(Entries taken from a collection)
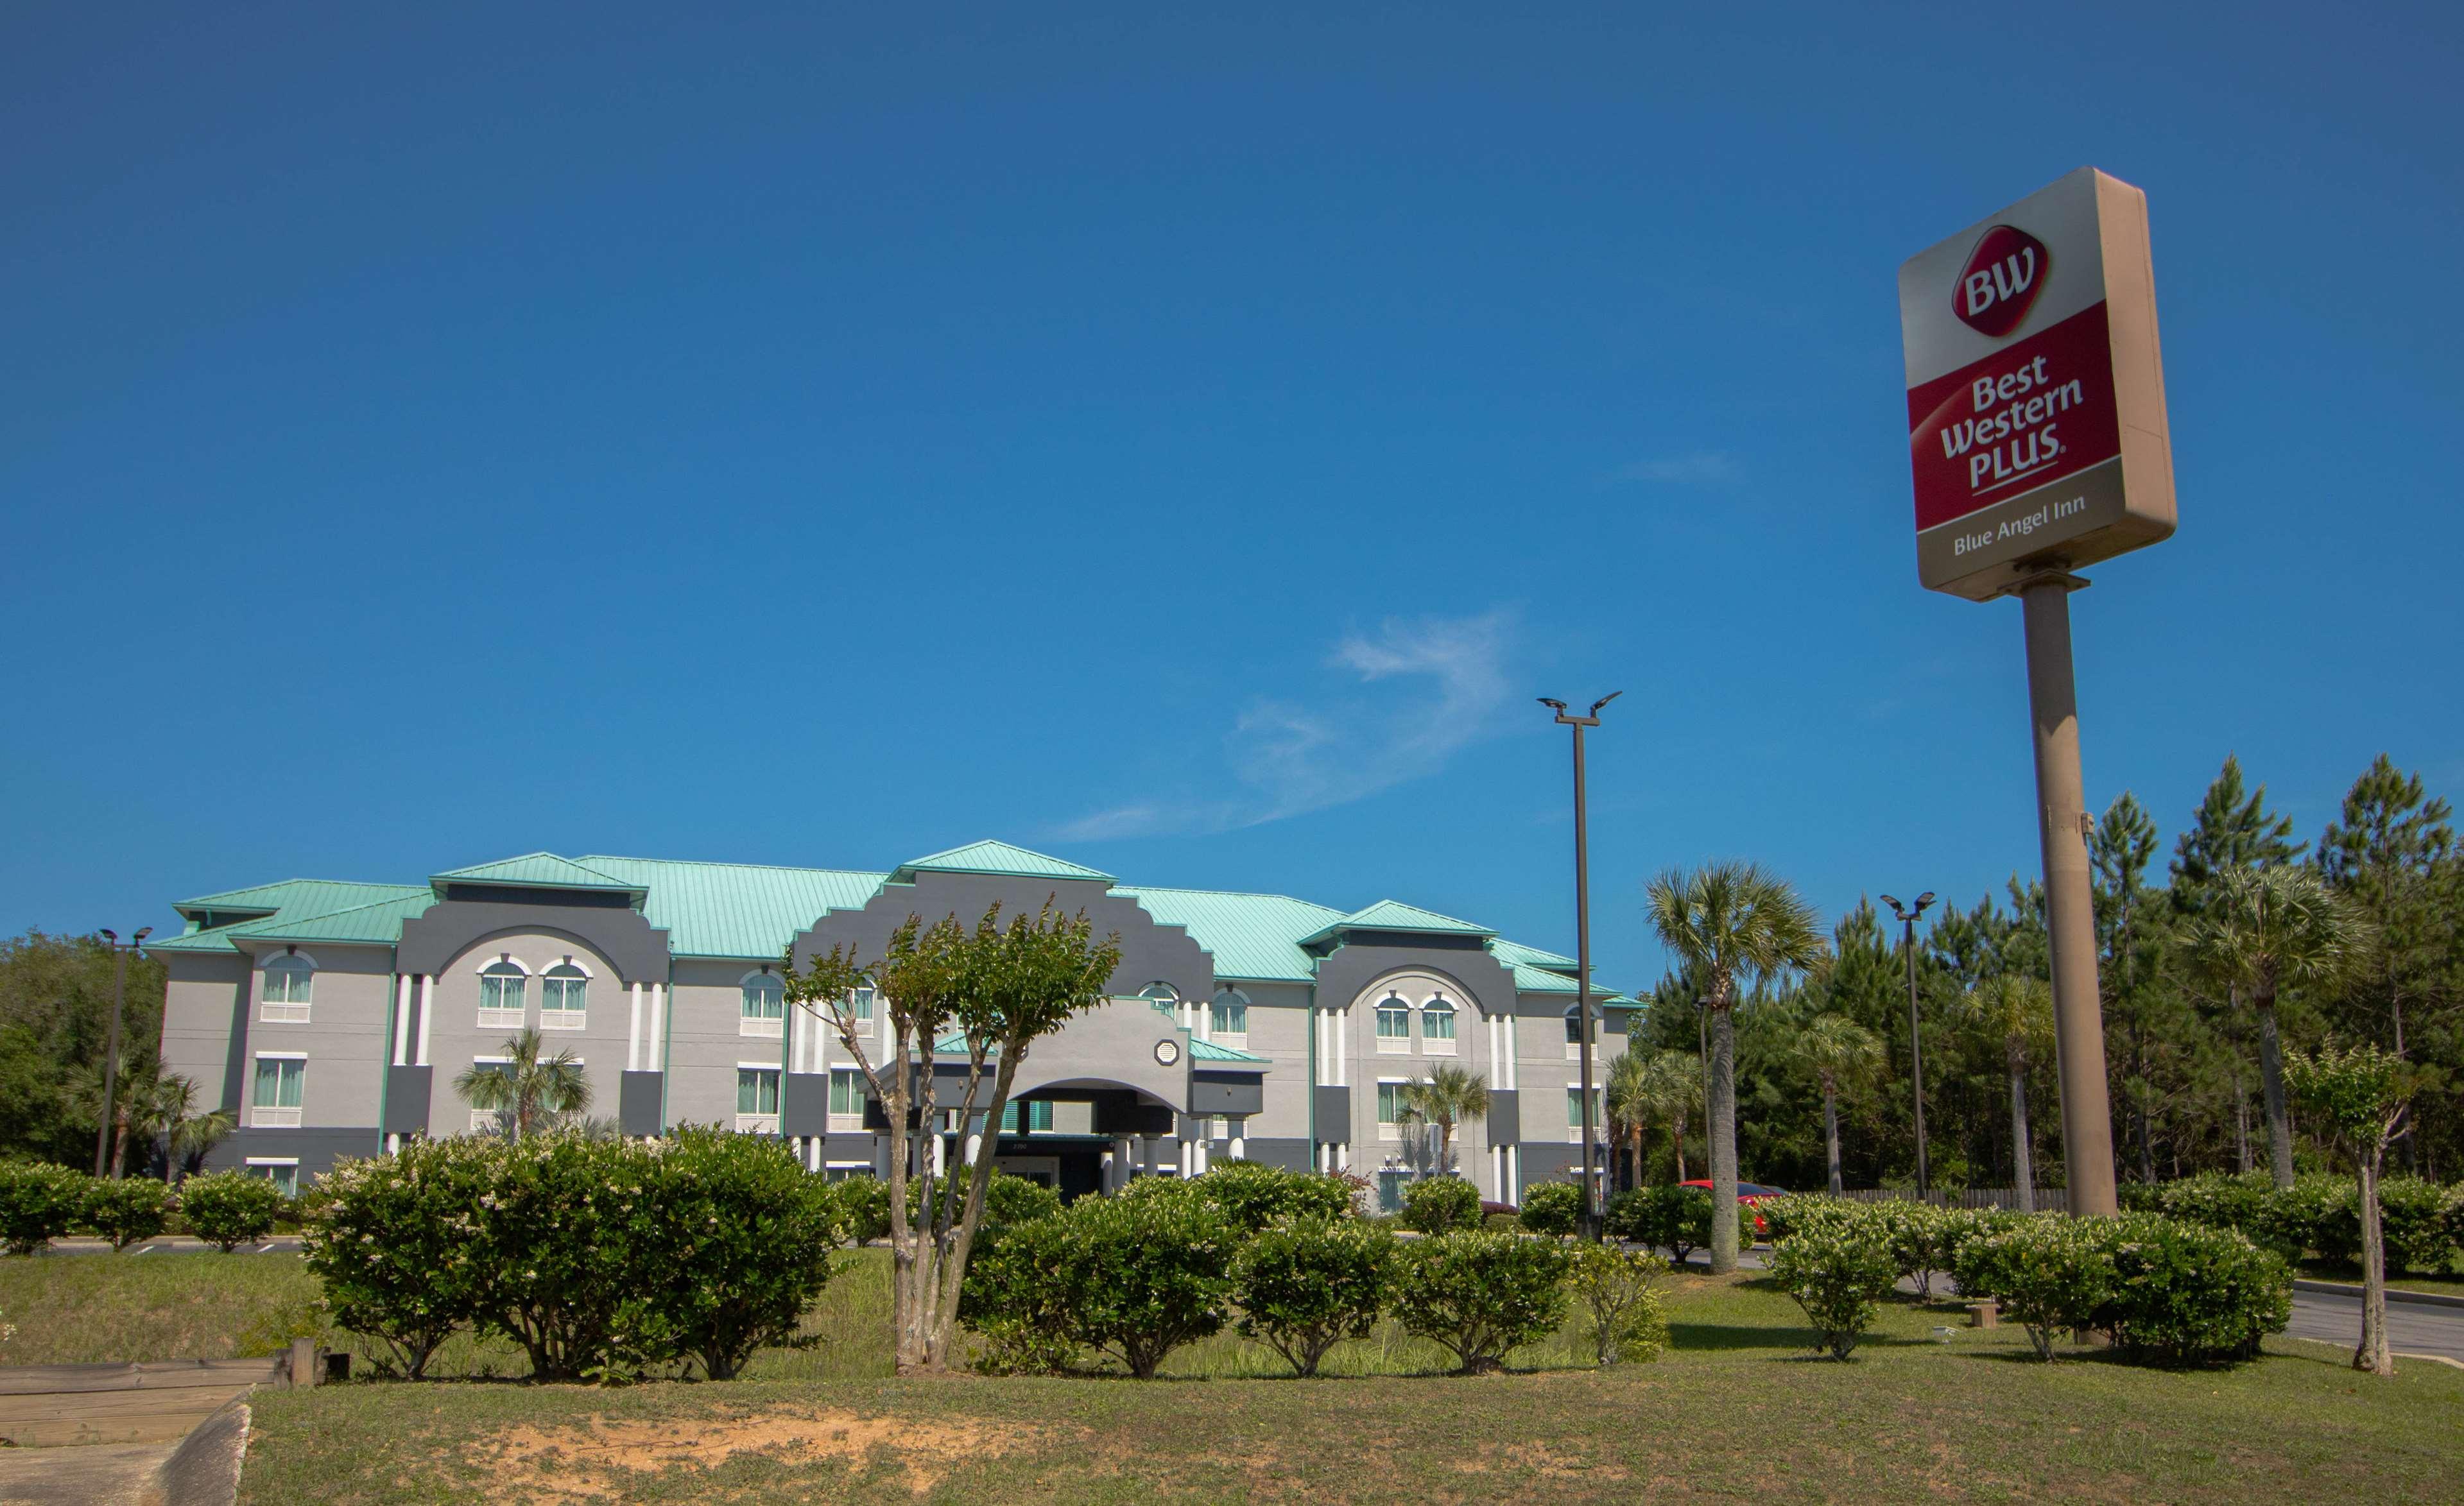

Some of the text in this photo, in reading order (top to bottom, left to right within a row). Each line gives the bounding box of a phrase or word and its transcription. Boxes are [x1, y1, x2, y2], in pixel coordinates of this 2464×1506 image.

[1965, 247, 2034, 316] BW
[1972, 355, 2048, 413] Best
[1940, 379, 2083, 459] Western
[1970, 423, 2060, 488] PLUS
[1954, 496, 2085, 562] Blue Angel Inn

Work item:
Retype all of the entries exactly as written, leaving out any images.

Answer space:
Some of the text in this photo, in reading order (top to bottom, left to right within a row). Each line gives the bounding box of a phrase or word and its transcription. Boxes are [x1, y1, x2, y2], in pixel coordinates of this 2464×1506 image.

[1965, 247, 2034, 316] BW
[1972, 355, 2048, 413] Best
[1940, 379, 2083, 459] Western
[1970, 423, 2060, 488] PLUS
[1954, 496, 2085, 562] Blue Angel Inn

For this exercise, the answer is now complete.